All that should appear is the line containing "this 1600×1015 image." and the lines after it in the records below, each reproduced exactly.

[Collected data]
☆ ☆ ☆ ☆ ☆ ☆ ☆

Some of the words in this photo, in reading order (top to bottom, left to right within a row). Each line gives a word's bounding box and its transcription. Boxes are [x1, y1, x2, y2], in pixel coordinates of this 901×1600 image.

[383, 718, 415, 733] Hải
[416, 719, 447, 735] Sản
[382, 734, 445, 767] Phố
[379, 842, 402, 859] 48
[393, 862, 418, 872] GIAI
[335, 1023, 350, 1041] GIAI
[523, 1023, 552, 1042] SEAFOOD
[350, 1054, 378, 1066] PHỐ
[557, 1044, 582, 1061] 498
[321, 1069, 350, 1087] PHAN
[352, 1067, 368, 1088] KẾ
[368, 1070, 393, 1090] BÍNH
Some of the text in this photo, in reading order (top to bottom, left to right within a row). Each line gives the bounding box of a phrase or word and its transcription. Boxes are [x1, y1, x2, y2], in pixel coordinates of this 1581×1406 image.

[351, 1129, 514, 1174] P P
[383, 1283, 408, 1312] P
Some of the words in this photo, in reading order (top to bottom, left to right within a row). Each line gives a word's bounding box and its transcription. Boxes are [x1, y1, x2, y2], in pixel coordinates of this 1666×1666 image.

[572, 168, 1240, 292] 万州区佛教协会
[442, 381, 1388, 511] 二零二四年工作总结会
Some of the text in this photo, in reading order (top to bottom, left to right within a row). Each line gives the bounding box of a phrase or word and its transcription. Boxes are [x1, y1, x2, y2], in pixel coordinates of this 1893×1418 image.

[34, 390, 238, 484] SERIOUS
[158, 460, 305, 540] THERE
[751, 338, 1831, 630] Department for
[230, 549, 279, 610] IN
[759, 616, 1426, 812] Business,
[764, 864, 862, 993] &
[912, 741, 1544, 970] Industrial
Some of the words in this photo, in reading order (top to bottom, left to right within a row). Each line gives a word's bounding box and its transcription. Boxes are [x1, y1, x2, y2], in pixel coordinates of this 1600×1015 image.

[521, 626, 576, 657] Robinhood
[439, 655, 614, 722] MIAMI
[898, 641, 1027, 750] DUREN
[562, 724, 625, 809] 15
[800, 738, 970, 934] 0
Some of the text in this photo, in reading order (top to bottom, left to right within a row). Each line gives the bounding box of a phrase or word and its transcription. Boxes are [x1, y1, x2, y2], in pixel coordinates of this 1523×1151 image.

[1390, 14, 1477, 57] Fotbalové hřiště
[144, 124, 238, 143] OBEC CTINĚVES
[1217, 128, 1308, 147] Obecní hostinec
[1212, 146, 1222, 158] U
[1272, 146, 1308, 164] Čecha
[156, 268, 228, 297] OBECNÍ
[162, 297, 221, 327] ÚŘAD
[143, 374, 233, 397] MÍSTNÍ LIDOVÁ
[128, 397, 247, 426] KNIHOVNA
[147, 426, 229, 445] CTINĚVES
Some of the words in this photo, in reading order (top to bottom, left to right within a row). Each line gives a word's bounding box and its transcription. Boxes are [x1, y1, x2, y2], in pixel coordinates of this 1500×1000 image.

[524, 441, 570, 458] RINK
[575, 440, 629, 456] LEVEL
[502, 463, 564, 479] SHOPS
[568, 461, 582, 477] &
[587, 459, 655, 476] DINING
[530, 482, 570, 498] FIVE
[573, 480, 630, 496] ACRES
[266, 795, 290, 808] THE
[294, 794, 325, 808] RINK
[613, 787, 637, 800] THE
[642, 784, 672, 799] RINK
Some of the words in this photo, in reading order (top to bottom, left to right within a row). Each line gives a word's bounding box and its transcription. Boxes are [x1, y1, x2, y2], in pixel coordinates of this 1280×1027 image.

☆ ☆ ☆ ☆ ☆ ☆ ☆

* _REPLY TO THE EXERCISE_
Some of the words in this photo, in reading order (top to bottom, left to right within a row). Each line gives a word's bounding box and its transcription. Boxes are [x1, y1, x2, y2], in pixel coordinates of this 1600×1015 image.

[521, 626, 576, 657] Robinhood
[439, 655, 614, 722] MIAMI
[898, 641, 1027, 750] DUREN
[562, 724, 625, 809] 15
[800, 738, 970, 934] 0
Some of the text in this photo, in reading order (top to bottom, left to right within a row). Each line gives the bounding box of a phrase or word and its transcription. Boxes are [x1, y1, x2, y2], in pixel coordinates of this 1523×1151 image.

[1390, 14, 1477, 57] Fotbalové hřiště
[144, 124, 238, 143] OBEC CTINĚVES
[1217, 128, 1308, 147] Obecní hostinec
[1212, 146, 1222, 158] U
[1272, 146, 1308, 164] Čecha
[156, 268, 228, 297] OBECNÍ
[162, 297, 221, 327] ÚŘAD
[143, 374, 233, 397] MÍSTNÍ LIDOVÁ
[128, 397, 247, 426] KNIHOVNA
[147, 426, 229, 445] CTINĚVES
Some of the words in this photo, in reading order (top to bottom, left to right within a row). Each line gives a word's bounding box and its transcription. Boxes are [x1, y1, x2, y2], in pixel coordinates of this 1500×1000 image.

[524, 441, 570, 458] RINK
[575, 440, 629, 456] LEVEL
[502, 463, 564, 479] SHOPS
[568, 461, 582, 477] &
[587, 459, 655, 476] DINING
[530, 482, 570, 498] FIVE
[573, 480, 630, 496] ACRES
[266, 795, 290, 808] THE
[294, 794, 325, 808] RINK
[613, 787, 637, 800] THE
[642, 784, 672, 799] RINK
Some of the words in this photo, in reading order (top to bottom, left to right within a row). Each line gives a word's bounding box and its transcription. Boxes are [x1, y1, x2, y2], in pixel coordinates of this 1280×1027 image.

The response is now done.